The newest installment of the X-Men movie franchise is good, not great. Here are five reasons why.
Let's get something out of the way right up from. Yours truly didn't "hate" X-Men: Days of Future Past. Not by a long shot. Do I have problems with it? Absolutely. Do I think it stands as one of the best installments in Marvel's movie mutant mythos? Sure. Is it the number one film in the franchise? No. That title goes to its predecessor, First Class. Why? Well, I liked Matthew Vaughan's approach more than Bryan Singer's (still unsure of why this hit or miss filmmaker gets so much fanboy love), I've grown tired of the overuse of some characters, and am not sure what I was supposed to get out of the experience except it being a set-up for yet another in a long line of "planned" trilogies. Still, I was entertained, intrigued, and in the end, capable of recommending it to any who still reads film reviews as a reference guide. So, you may be asking, why the caveat? If you liked it, what's the problem?
Well, for me, it's two fold. First, the film currently has a 91% rating over at Rotten Tomatoes, higher than movies I liked a lot better (Godzilla, Captain America: The Winter Soldier)...and the weird thing is, that was more or less the number right out of the box. It seems like, at least two weeks before it opened, XMDOFP was sitting somewhere in the mid 90s, enjoying the raves from those capable of being in the studios good graces (read: trusted to start the early positive buzz) while not opening for us peons until the week of release. By then, the word was already out - this movie was fantastic, when something a bit more complex was the true reality. Oh course, opinions are just that. They're not dicta or dogma and Fox is smart to use its sources to sell its product. Good for them (and those in compliance with them). But I was angry that the conversation was over before the discussion really began.
Then there is the issues I have with the movie itself. It's far from perfect (frankly, no film is) and when I sit back and think about the plotting, the characters, and the overall idea, I start to get flustered. You see, XMDOFP wants to be an epic which draws together divergent takes on the classic comic characters to create a permanence within the X-Men universe.
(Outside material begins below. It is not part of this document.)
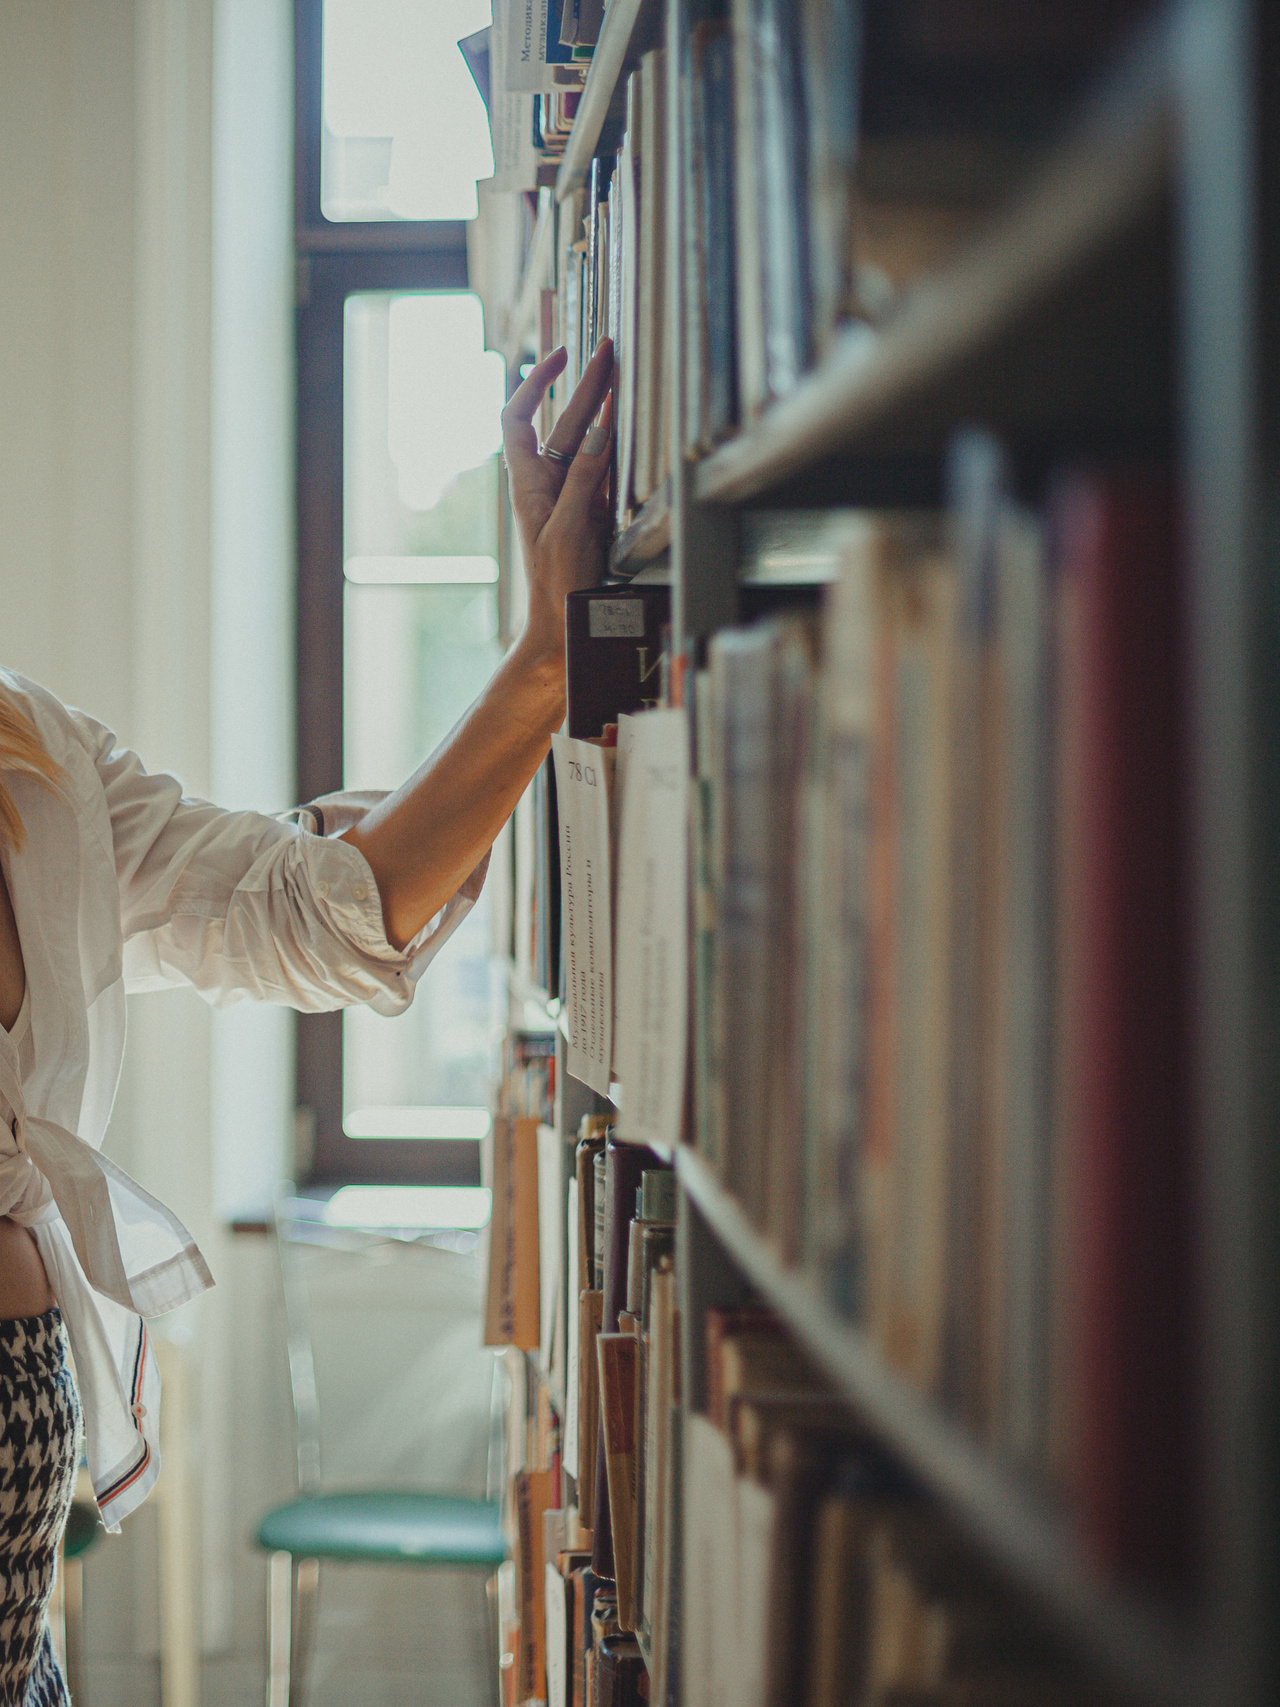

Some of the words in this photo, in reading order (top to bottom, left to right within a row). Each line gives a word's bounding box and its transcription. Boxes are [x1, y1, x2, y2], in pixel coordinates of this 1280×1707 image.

[566, 881, 577, 947] культура
[586, 873, 595, 974] композиторы
[570, 950, 580, 1049] Музыкальная
[581, 1037, 588, 1055] до
I won't address whether they were successful (there are dozens of website picking apart the continuity as we speak) but I will argue over five things I found truly aggravating. The funny thing is, many of them go to the main reason the movie was made in the first place.
The problem here is a little something called CONTEXT. We get the threat. We don't get why the X-Men are the world's only hope. We do understand that humans who have helped the mutants are equally persecuted, but why set up such a dismal bit of future shock and then more or less abandon it for a far off Chinese monastery. The final confrontation could have remained in the wasteland that once was the UK's biggest city, but instead, we are stuck somewhere in the mountains. Oh, and how about those floating transport obelisks? Gonna explain those? Better yet, aside from utilizing Kitty's suddenly new powers, how have the others survived? These Sentinels are pretty bad ass. It seems silly to believe that the mutants we see up front managed to avoid their hunting skills for so long.
...except not really. No, this is Wolverine's film, because...well...because Hugh Jackman has hung in with this franchise for three previous ensemble films (we don't count his F-bomb in First Class) and two solo outings (with more planned). You can't expect someone like Lawrence to serve as the focal point (it's also the reason that Kitty Pryde - Ellen Page - was not the one sent back in time like she was in the comic book storyline the movie was adapted from). She's a girl, after all (all Katniss Everdeen aside). So big beefy one gets the call, constantly shoe-horned into the action so he serves a purpose other than making the fanboys (and girls) happy. This should have been Mystique's movie alone. It would have been so much better if it was.